═════ Material provided
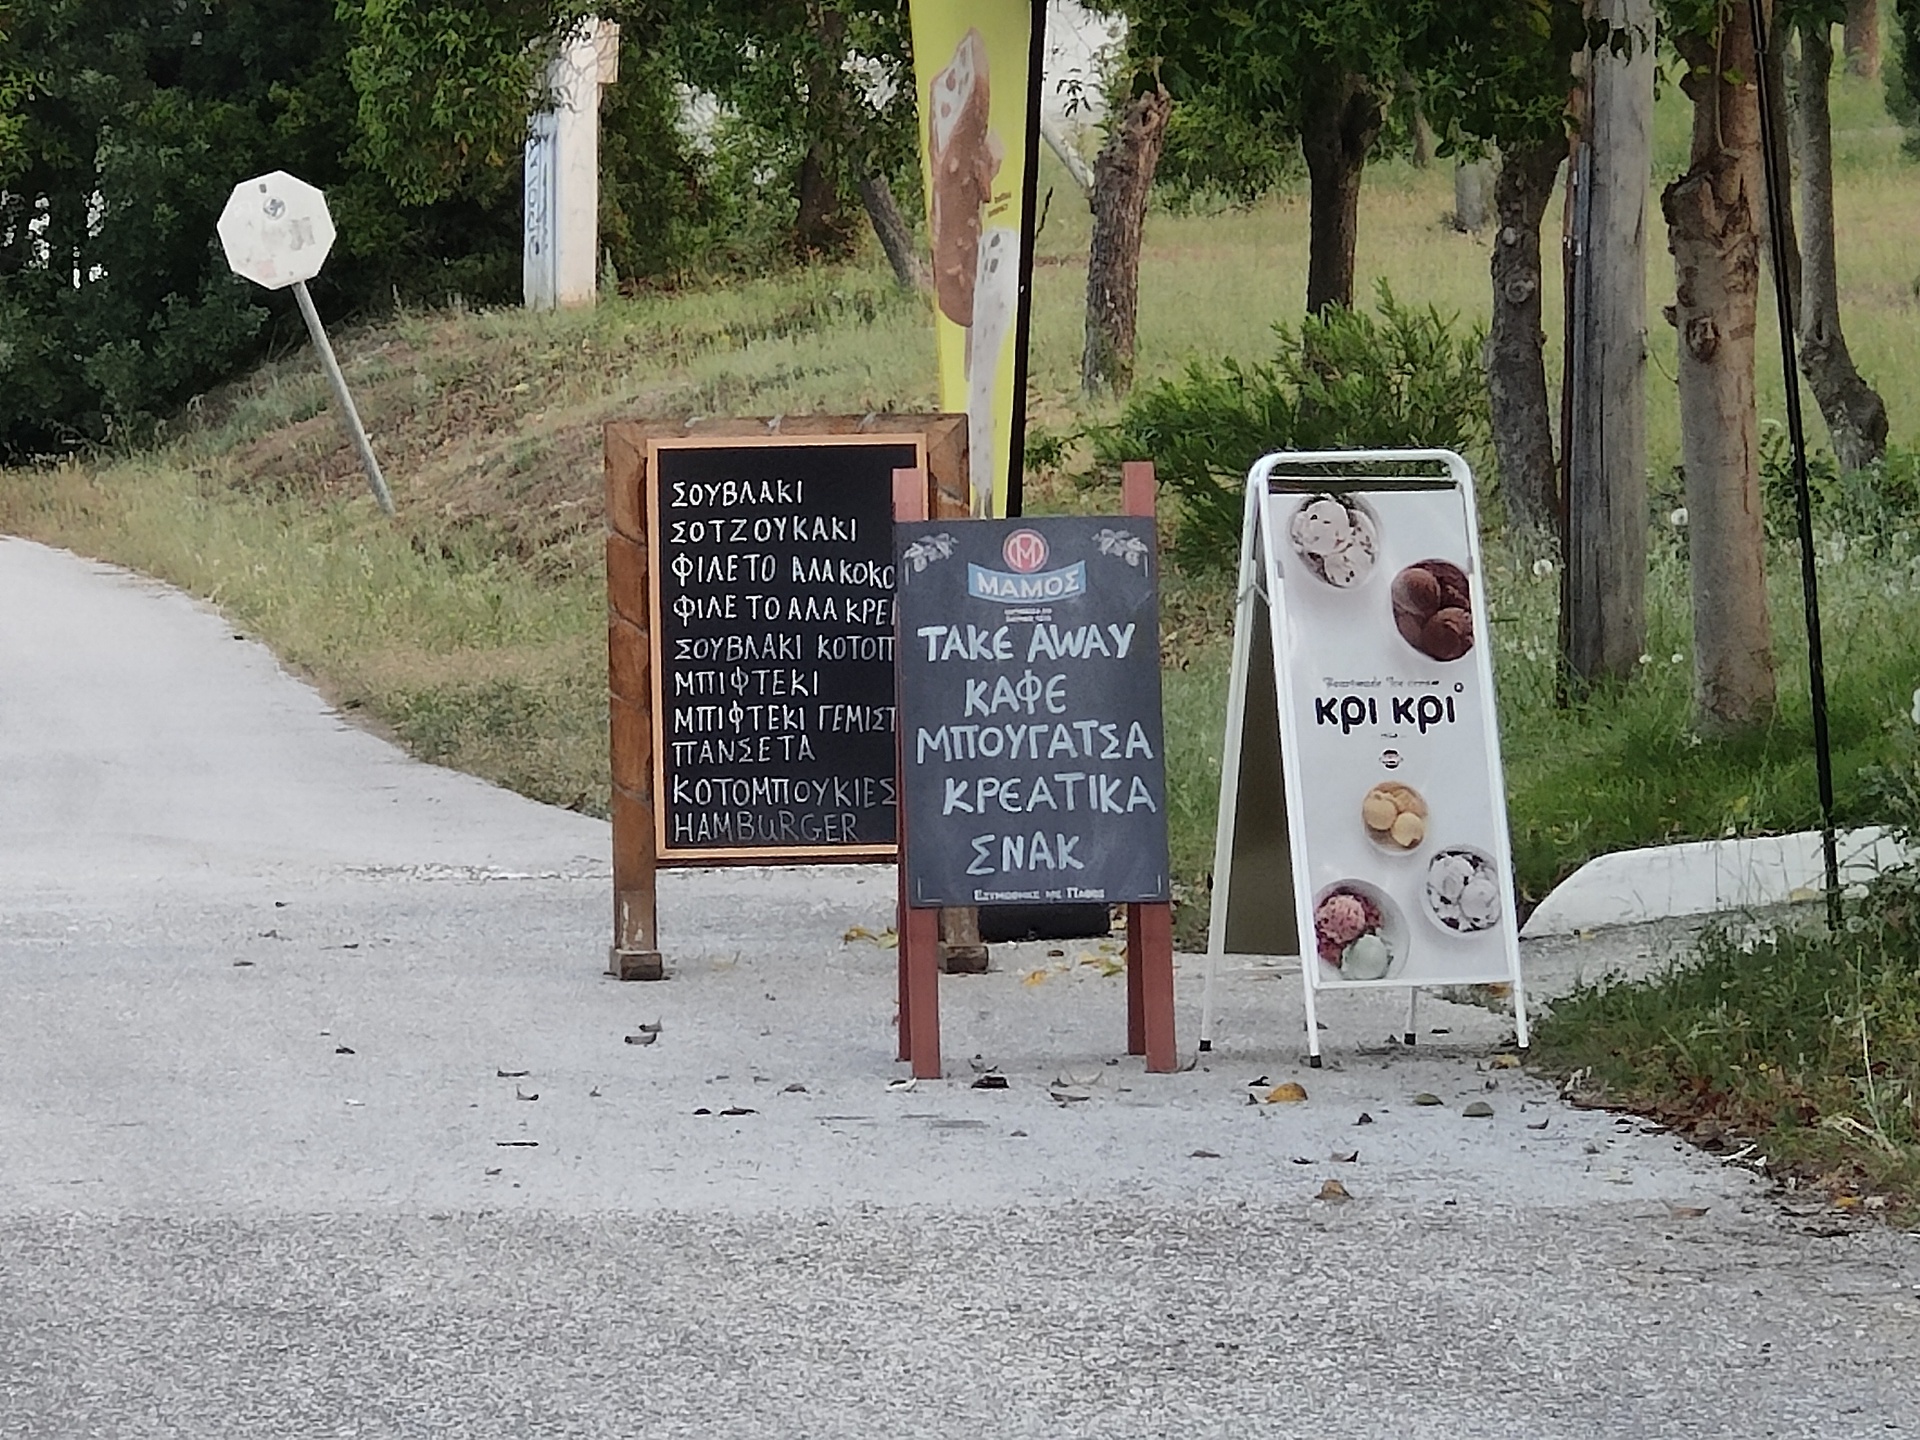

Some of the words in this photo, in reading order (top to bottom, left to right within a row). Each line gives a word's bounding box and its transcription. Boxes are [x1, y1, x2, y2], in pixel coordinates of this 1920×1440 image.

[671, 480, 802, 507] ΣΟΥΒΛΑΚΙ
[670, 516, 856, 544] ΣΟΤΖΟΥΚΑΚΙ
[977, 569, 1080, 598] ΜΑΜΟΣ
[675, 632, 801, 661] ΣΟΥΒΛΑΚΙ
[917, 624, 1014, 662] TAKE
[1027, 622, 1136, 663] AWAY
[674, 666, 819, 696] ΜΠΙΦΤΕΚΙ
[964, 669, 1067, 717] ΚΑΦΕ
[674, 700, 805, 733] ΜΠΙΦΤΕΚΙ
[917, 720, 1154, 764] ΜΠΟΥΓΑΤΣΑ
[673, 774, 896, 807] ΚΟΤΟΜΠΟΥΚΙΕΣ
[942, 773, 1157, 816] ΚΡΕΑΤΙΚΑ
[674, 810, 859, 842] HAMBURGER
[966, 831, 1085, 875] ΣΝΑΚ
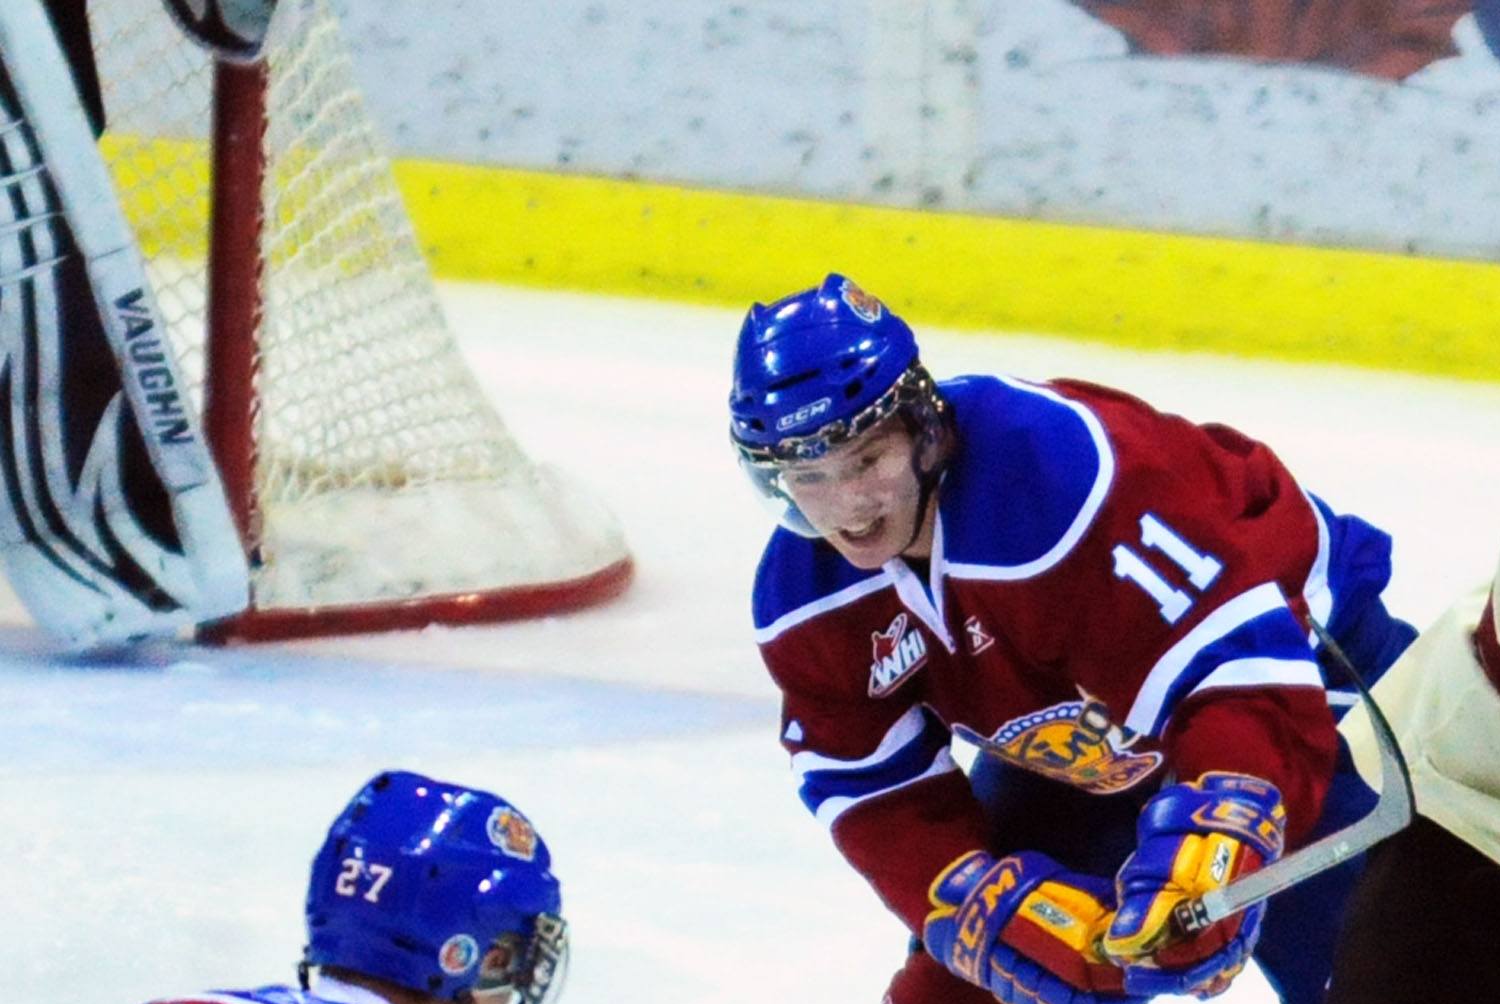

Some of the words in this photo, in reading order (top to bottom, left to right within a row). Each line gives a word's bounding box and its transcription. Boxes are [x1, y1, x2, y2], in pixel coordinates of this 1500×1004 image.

[115, 287, 195, 445] VAUGHN
[779, 400, 829, 429] CCM
[1110, 511, 1226, 626] 11
[335, 858, 393, 903] 27
[952, 867, 1017, 977] CCM
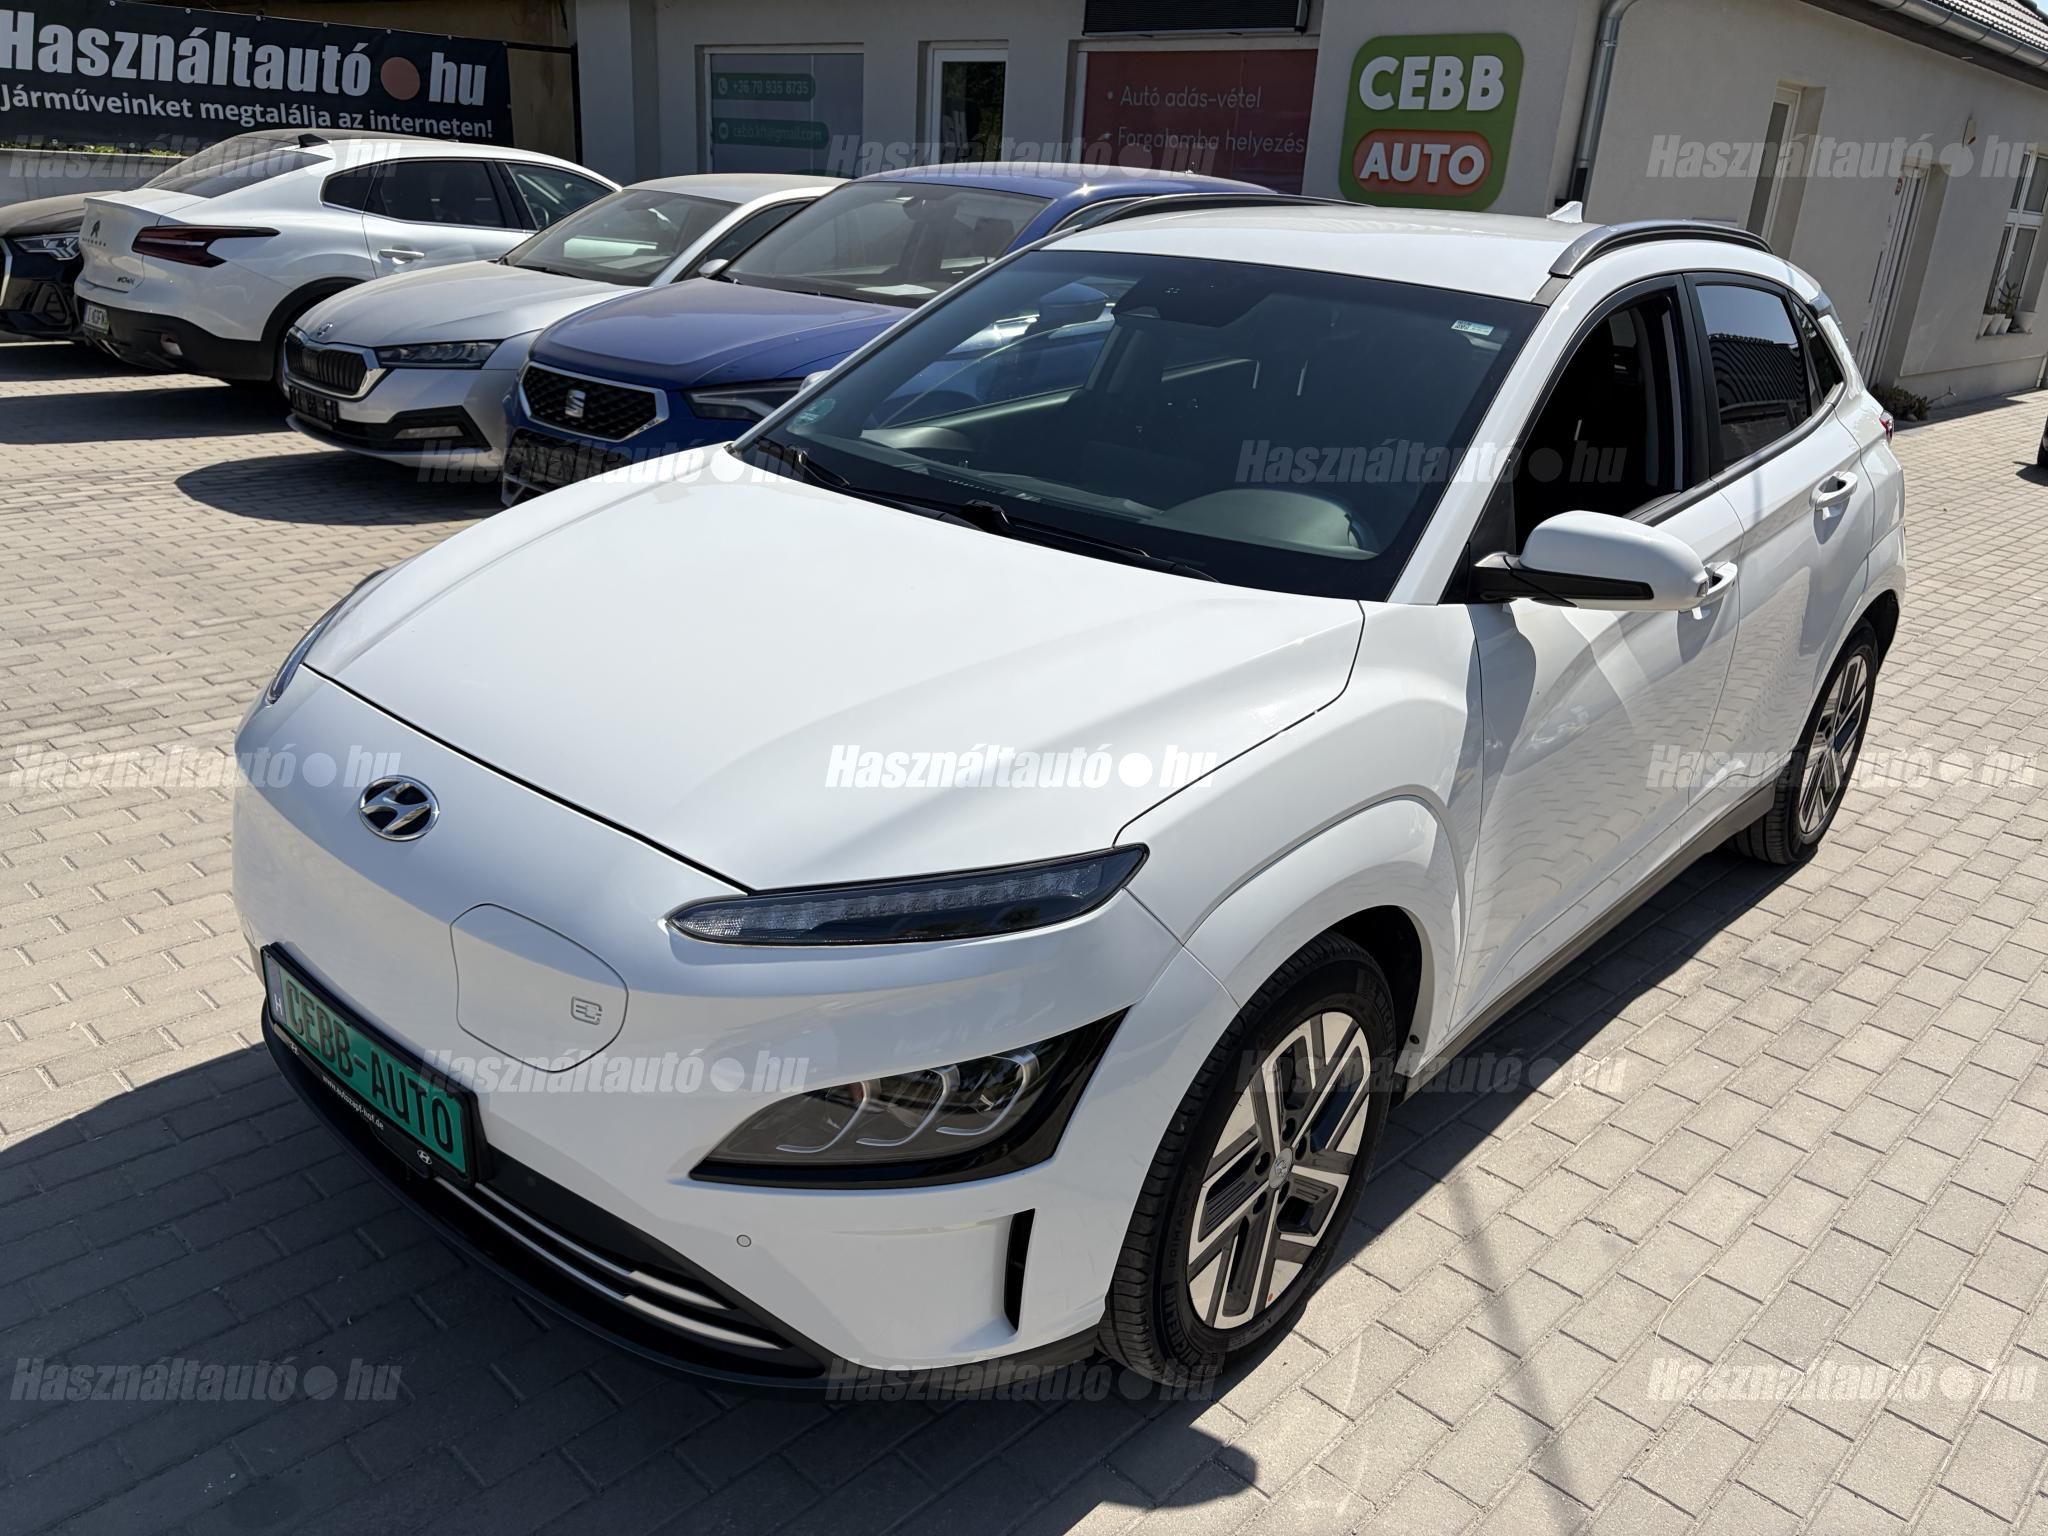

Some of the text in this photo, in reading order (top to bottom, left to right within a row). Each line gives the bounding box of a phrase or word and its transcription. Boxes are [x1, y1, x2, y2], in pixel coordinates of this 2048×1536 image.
══════════
Pictures stay out, but everything else in the records must be output exactly.

Some of the words in this photo, in reading order (top to bottom, left to right within a row). Each line gives a word's bounding box and its transcription. Boxes are [x1, y1, x2, y2], in pixel coordinates of this 1920×1440 image.

[671, 480, 802, 507] ΣΟΥΒΛΑΚΙ
[670, 516, 856, 544] ΣΟΤΖΟΥΚΑΚΙ
[977, 569, 1080, 598] ΜΑΜΟΣ
[675, 632, 801, 661] ΣΟΥΒΛΑΚΙ
[917, 624, 1014, 662] TAKE
[1027, 622, 1136, 663] AWAY
[674, 666, 819, 696] ΜΠΙΦΤΕΚΙ
[964, 669, 1067, 717] ΚΑΦΕ
[674, 700, 805, 733] ΜΠΙΦΤΕΚΙ
[917, 720, 1154, 764] ΜΠΟΥΓΑΤΣΑ
[673, 774, 896, 807] ΚΟΤΟΜΠΟΥΚΙΕΣ
[942, 773, 1157, 816] ΚΡΕΑΤΙΚΑ
[674, 810, 859, 842] HAMBURGER
[966, 831, 1085, 875] ΣΝΑΚ

Some of the words in this photo, in reading order (top to bottom, left to right within a row). Each line gives a word's bounding box and its transcription. Boxes are [x1, y1, x2, y2], in pixel coordinates of this 1500×1004 image.

[115, 287, 195, 445] VAUGHN
[779, 400, 829, 429] CCM
[1110, 511, 1226, 626] 11
[335, 858, 393, 903] 27
[952, 867, 1017, 977] CCM

Some of the text in this photo, in reading order (top to bottom, left to right within a row). Each line gives the bounding box of a phrase or word and its transcription. Boxes are [x1, y1, x2, y2], in pixel coordinates of this 2048×1536 image.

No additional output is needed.